▶ _Stored data entries_:
══════

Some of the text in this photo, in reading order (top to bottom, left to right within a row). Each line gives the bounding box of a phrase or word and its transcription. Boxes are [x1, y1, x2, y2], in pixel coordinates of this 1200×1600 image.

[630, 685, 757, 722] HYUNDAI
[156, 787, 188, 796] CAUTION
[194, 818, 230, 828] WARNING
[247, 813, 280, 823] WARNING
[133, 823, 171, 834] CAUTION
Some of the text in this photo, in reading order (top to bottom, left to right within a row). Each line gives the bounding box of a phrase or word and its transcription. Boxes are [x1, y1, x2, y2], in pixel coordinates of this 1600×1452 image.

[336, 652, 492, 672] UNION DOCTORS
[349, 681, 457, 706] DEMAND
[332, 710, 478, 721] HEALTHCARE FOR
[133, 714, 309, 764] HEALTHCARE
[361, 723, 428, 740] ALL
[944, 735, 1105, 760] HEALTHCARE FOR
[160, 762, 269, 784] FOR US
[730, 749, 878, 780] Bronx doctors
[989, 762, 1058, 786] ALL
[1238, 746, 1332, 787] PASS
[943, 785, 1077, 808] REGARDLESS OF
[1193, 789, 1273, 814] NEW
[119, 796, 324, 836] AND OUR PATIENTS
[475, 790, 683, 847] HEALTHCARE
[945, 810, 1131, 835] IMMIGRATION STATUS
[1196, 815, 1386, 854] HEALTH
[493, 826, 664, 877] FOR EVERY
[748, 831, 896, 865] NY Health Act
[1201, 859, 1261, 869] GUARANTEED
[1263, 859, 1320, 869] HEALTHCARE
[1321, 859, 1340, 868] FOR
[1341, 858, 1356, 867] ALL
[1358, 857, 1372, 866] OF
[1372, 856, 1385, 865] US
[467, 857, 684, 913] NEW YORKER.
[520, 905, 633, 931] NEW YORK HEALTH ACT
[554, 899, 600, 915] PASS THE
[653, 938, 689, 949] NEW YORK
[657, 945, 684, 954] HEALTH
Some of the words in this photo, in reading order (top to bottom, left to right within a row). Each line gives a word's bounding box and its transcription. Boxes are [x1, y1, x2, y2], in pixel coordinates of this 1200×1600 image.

══════

▶ _Task brief_:
Copy out each record, keeping every word as it is.

▶ _Response box_:
Some of the text in this photo, in reading order (top to bottom, left to right within a row). Each line gives the bounding box of a phrase or word and its transcription. Boxes are [x1, y1, x2, y2], in pixel coordinates of this 1200×1600 image.

[630, 685, 757, 722] HYUNDAI
[156, 787, 188, 796] CAUTION
[194, 818, 230, 828] WARNING
[247, 813, 280, 823] WARNING
[133, 823, 171, 834] CAUTION
Some of the text in this photo, in reading order (top to bottom, left to right within a row). Each line gives the bounding box of a phrase or word and its transcription. Boxes are [x1, y1, x2, y2], in pixel coordinates of this 1600×1452 image.

[336, 652, 492, 672] UNION DOCTORS
[349, 681, 457, 706] DEMAND
[332, 710, 478, 721] HEALTHCARE FOR
[133, 714, 309, 764] HEALTHCARE
[361, 723, 428, 740] ALL
[944, 735, 1105, 760] HEALTHCARE FOR
[160, 762, 269, 784] FOR US
[730, 749, 878, 780] Bronx doctors
[989, 762, 1058, 786] ALL
[1238, 746, 1332, 787] PASS
[943, 785, 1077, 808] REGARDLESS OF
[1193, 789, 1273, 814] NEW
[119, 796, 324, 836] AND OUR PATIENTS
[475, 790, 683, 847] HEALTHCARE
[945, 810, 1131, 835] IMMIGRATION STATUS
[1196, 815, 1386, 854] HEALTH
[493, 826, 664, 877] FOR EVERY
[748, 831, 896, 865] NY Health Act
[1201, 859, 1261, 869] GUARANTEED
[1263, 859, 1320, 869] HEALTHCARE
[1321, 859, 1340, 868] FOR
[1341, 858, 1356, 867] ALL
[1358, 857, 1372, 866] OF
[1372, 856, 1385, 865] US
[467, 857, 684, 913] NEW YORKER.
[520, 905, 633, 931] NEW YORK HEALTH ACT
[554, 899, 600, 915] PASS THE
[653, 938, 689, 949] NEW YORK
[657, 945, 684, 954] HEALTH
Some of the words in this photo, in reading order (top to bottom, left to right within a row). Each line gives a word's bounding box and its transcription. Boxes are [x1, y1, x2, y2], in pixel coordinates of this 1200×1600 image.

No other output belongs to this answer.